Task description | Every line of the data below should be repeated exactly, and no picture should be copied.

Input data |

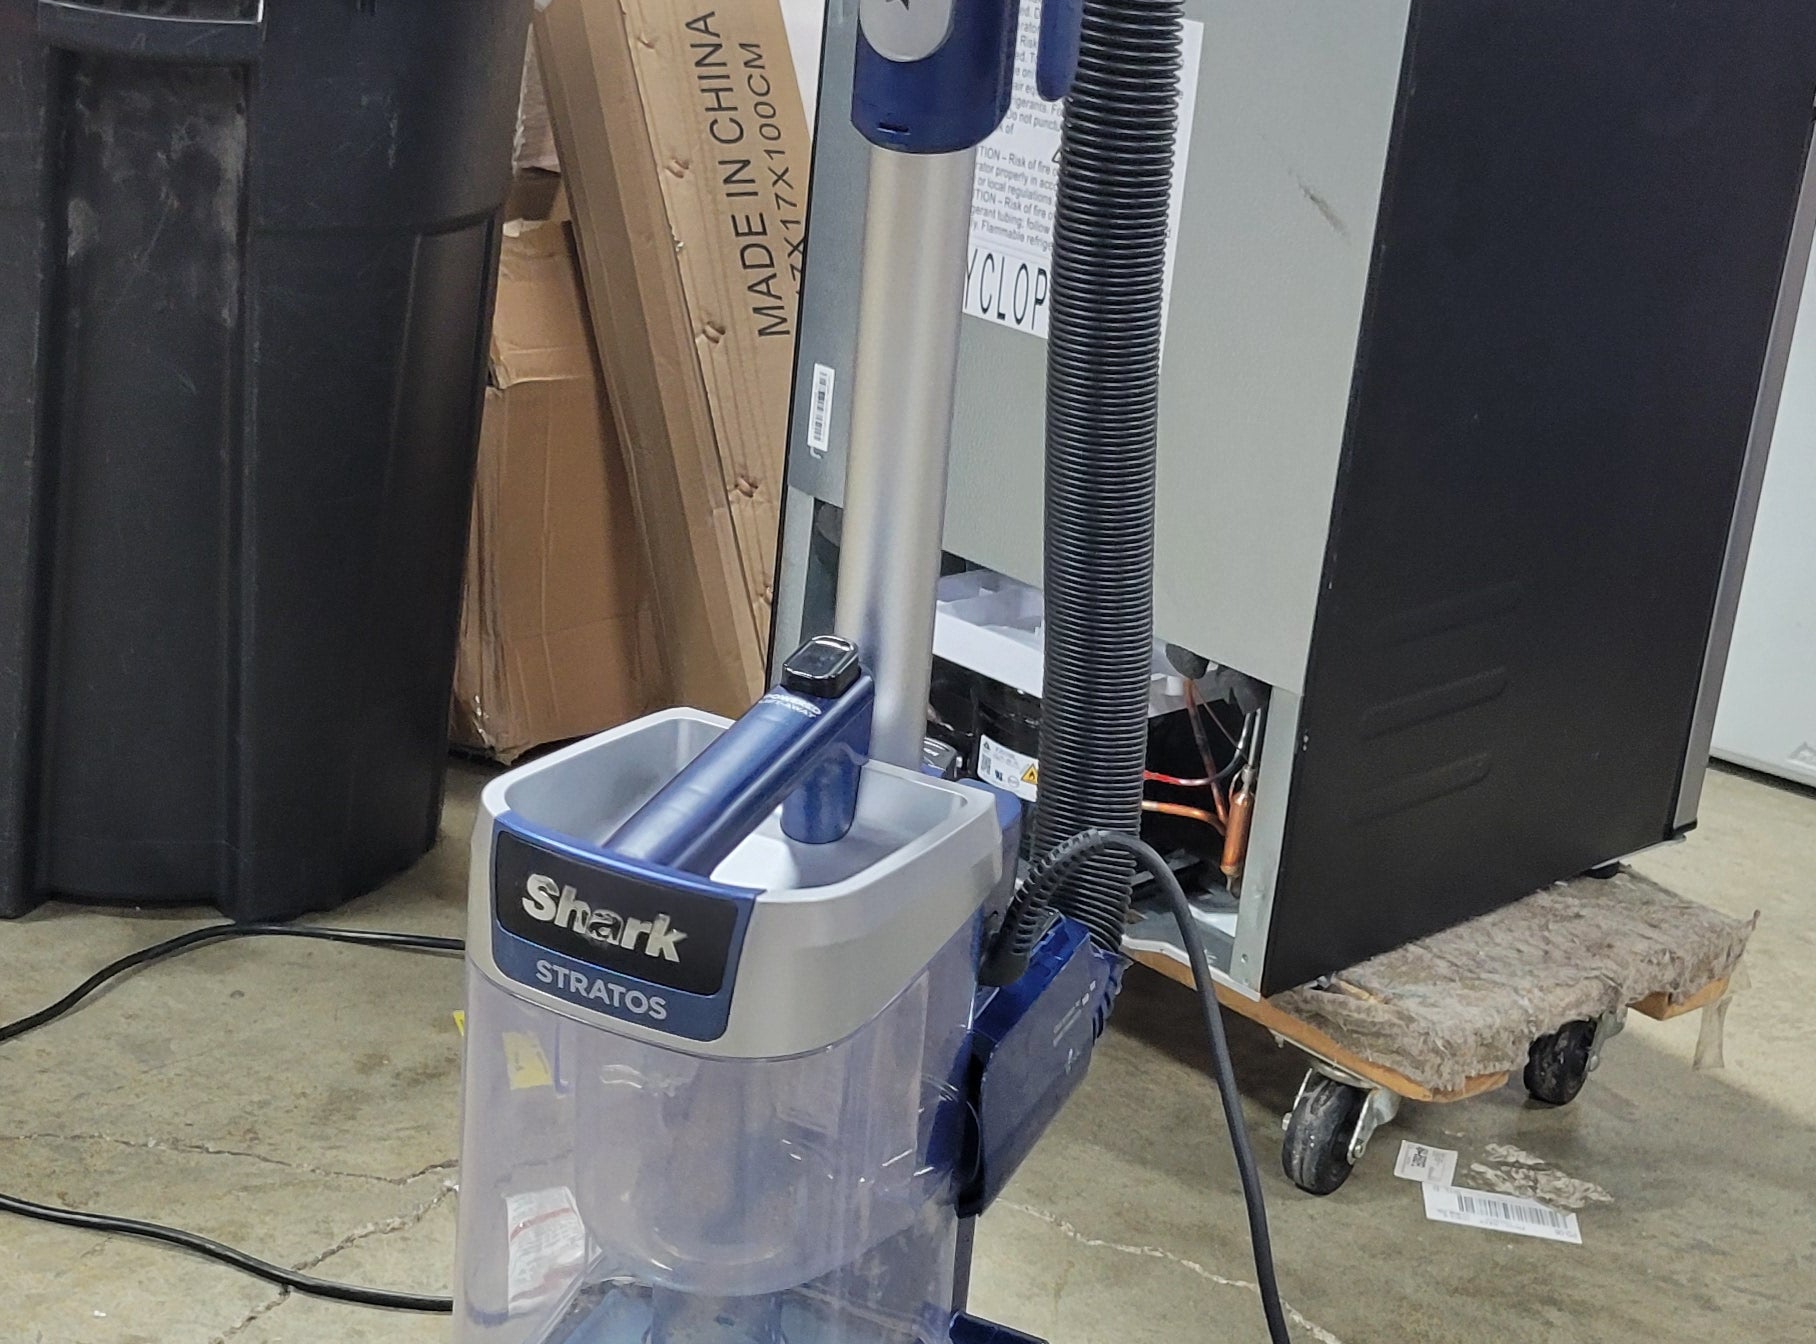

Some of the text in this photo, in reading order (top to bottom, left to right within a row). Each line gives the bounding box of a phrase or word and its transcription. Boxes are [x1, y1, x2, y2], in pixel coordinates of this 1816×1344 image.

[685, 11, 791, 338] MADE IN CHINA
[521, 873, 688, 963] Shark
[535, 959, 668, 1020] STRATOS
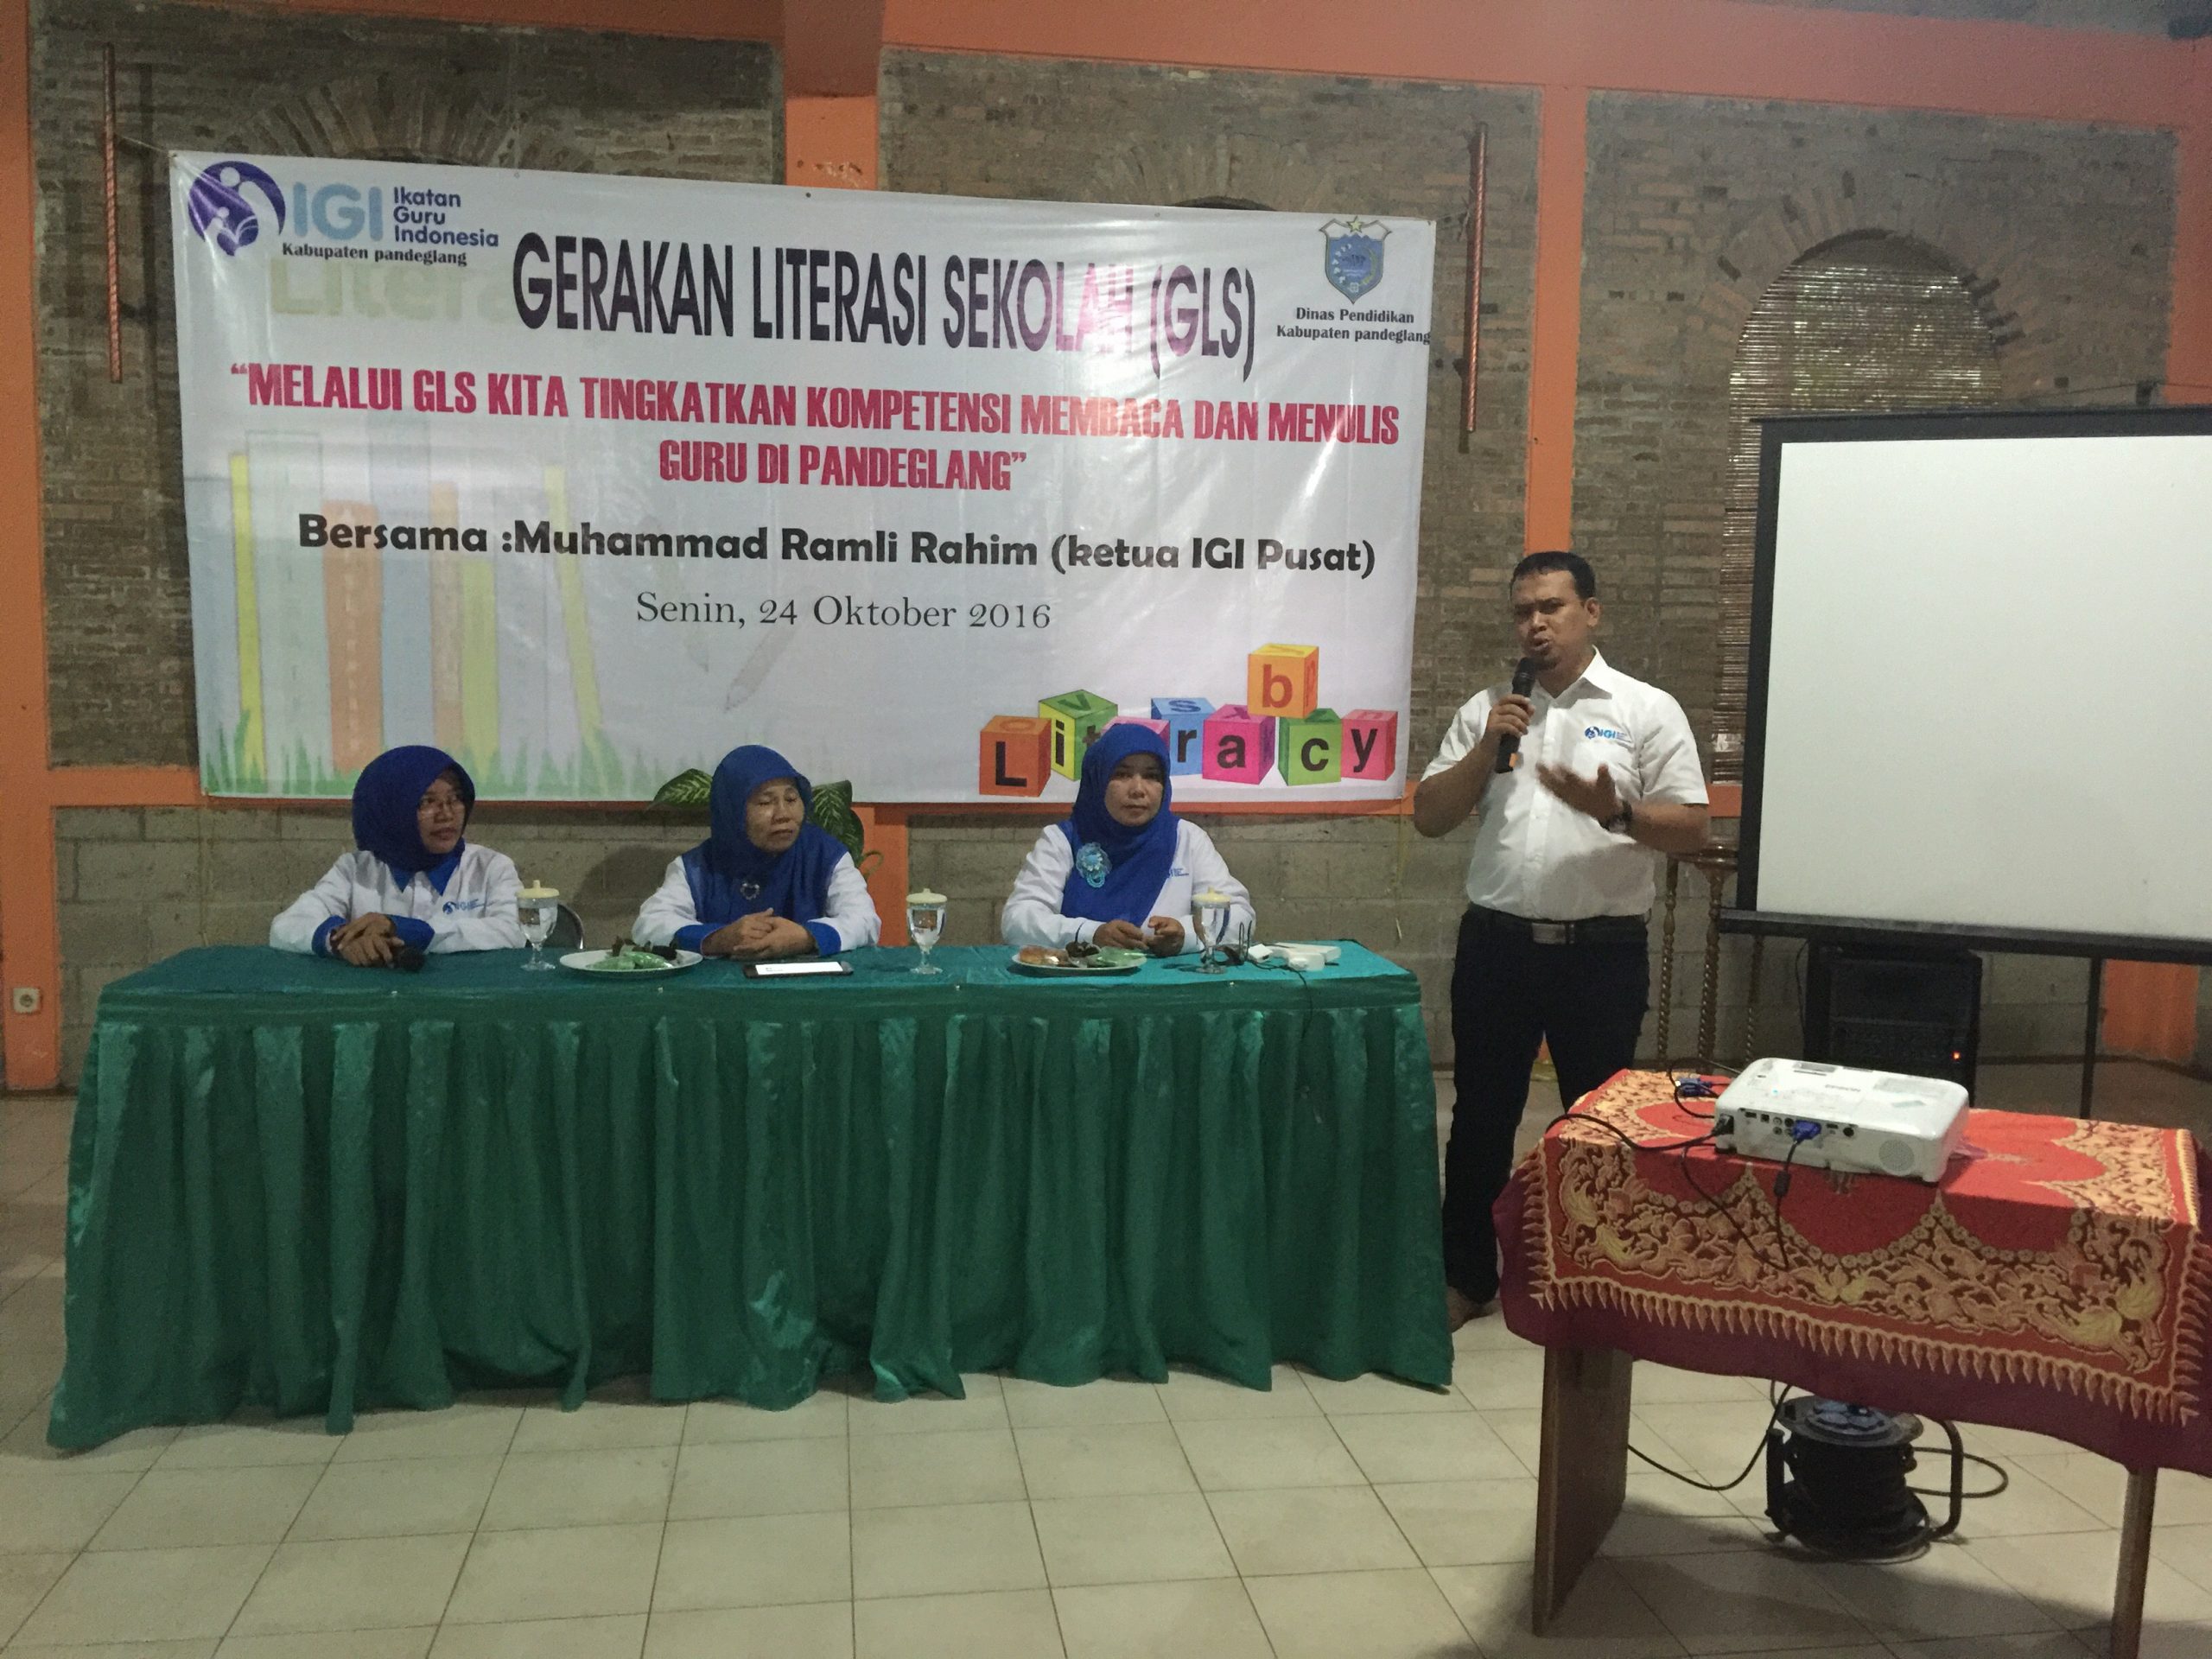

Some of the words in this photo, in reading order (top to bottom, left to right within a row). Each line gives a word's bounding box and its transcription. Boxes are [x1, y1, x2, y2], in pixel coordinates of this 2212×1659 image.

Result of this task |
Some of the text in this photo, in reading order (top to bottom, left to right within a row). Each line gives the bounding box of a phrase or word and its transcription. Boxes are [x1, y1, x2, y2], in pixel coordinates of this 1816×1344 image.

[685, 11, 791, 338] MADE IN CHINA
[521, 873, 688, 963] Shark
[535, 959, 668, 1020] STRATOS

Some of the words in this photo, in reading order (top to bottom, left to right within a row). Each line gives a word's bounding box and its transcription. Boxes are [x1, y1, x2, y2], in pixel coordinates of this 2212×1659 image.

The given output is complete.